Balancing playfulness against a passionate strain, and framed within a pastoral style embodying the concept of peaceful simplicity, the bottom half of the rainbow gains precedence as a way into processing challenge, perhaps awakening to new experiences? Constantly shifting groupings are set within a section of Sergei Rachmaninoff’s Sonata for Cello and Piano, in G Minor, op. 19. Toner’s choreography shows the equality between cello and piano and deep, rich melodies to reveal both classic and contemporary elements.
Clad in body-fitting hues of green, blue, indigo always gaining depths of variance via James Leitner’s lighting palette, the six dancers explore their places within this space. Tentative and daring, weaving in and out, are they representations of a lake transitioning into a new season, exploring rising and falling into a warming sunscape?
Camila Ferrera, Jessica Miller, Mary Ann Schaefer, Felipe Aragao, Greg Goessner, and Shea Johnson danced in all five programs.
Diana and Acteon
Agrippina Vaganova’s Diana and Acteon pas de deux, set to music by Cesar Pugni, is very loosely based on the much-retold myth. It was first staged in 1935 for the Kirov Ballet in Leningrad. The weak-hearted need not apply to dance this highly athletic/acrobatic work that has the male dancer flinging himself into airborne leaps circling around the stage and landing with delicacy on his knee, arms flung out.

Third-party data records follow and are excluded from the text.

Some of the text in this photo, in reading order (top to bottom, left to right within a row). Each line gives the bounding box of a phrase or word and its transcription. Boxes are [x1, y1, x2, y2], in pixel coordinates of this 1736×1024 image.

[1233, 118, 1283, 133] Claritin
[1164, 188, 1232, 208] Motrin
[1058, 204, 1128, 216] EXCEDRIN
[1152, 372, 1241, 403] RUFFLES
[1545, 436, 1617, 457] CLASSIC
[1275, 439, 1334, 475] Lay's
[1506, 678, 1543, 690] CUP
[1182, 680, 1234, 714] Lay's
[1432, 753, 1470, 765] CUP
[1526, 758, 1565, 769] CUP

As for the female dancer, dizzying turns and solo balancing on pointe along with flying across the stage with the surety that her partner is there to catch and lift is the ultimate envisioning of daring and virtuosity.
At the April 17, 2021 program at The Toby, Yoshiko Kamikusa and Chris Lingner reprised their roles as Diana and Actaeon, presented at IB’s New Works 2018 program at The District Theatre.

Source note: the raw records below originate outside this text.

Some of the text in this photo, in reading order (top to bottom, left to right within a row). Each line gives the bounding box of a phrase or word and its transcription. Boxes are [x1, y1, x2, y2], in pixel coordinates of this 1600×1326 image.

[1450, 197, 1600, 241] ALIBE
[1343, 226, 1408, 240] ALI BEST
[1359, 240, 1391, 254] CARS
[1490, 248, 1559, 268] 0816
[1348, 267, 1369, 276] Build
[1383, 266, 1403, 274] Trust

But it’s not just for her fearless choreography that we need to pay attention to Vaganova, who spoke openly of her personal early struggle with deciphering a mash-up of ballet technique. She developed a way of teaching that helped integrate the disparate schools. The Vaganova Academy continues in St. Petersburg, Russia, nearly seven decades after her death in 1957, at age 72.
What possibly could follow this bravura ballet?
A sumptuous wedding that showcases why Vaganova devoted her life to preserving Petipa’s choreography. The final act of Raymonda, Marius Petipa’s iconic ballet to the score by Alexander Glazunov, “is all grace and grandeur as audiences are transported to Raymonda’s lavish wedding to the crusader Jean de Brienne,” enthused Kriscunas in the IB news release. At the live evening performance on April 17, Jessica Miller and Shea Johnson danced the lead roles of Raymonda and Jean de Brienne.
Usually left out in descriptions of Raymonda is the story of the librettist, 19th-century Russian author and newspaper columnist, Countess Lydia Pashkov. Born in 1845[?], in Russia but writing mostly in French, her published works include novels, plays, and travelogues. Raymonda premiered on Jan. 1898, in St. Petersburg and was also performed in IB's 2018 debut program at The Toby.
The folk-inspired costumes by Loukia Finale and Victoria Lyras match the opulence and splendor of the setting and the music, full of spirited rhythms and lilting waltzes that George Balanchine called ‘some of the finest ballet music we have.
“While Raymonda is set in medieval France, the themes are very familiar,” said Kriscunas. “As the [IB] cast gathers to celebrate together after a period of hardship. The jubilant nature of Raymonda teaches us to embrace good fortune and celebrate life, while always reflecting on that which we’ve lost.”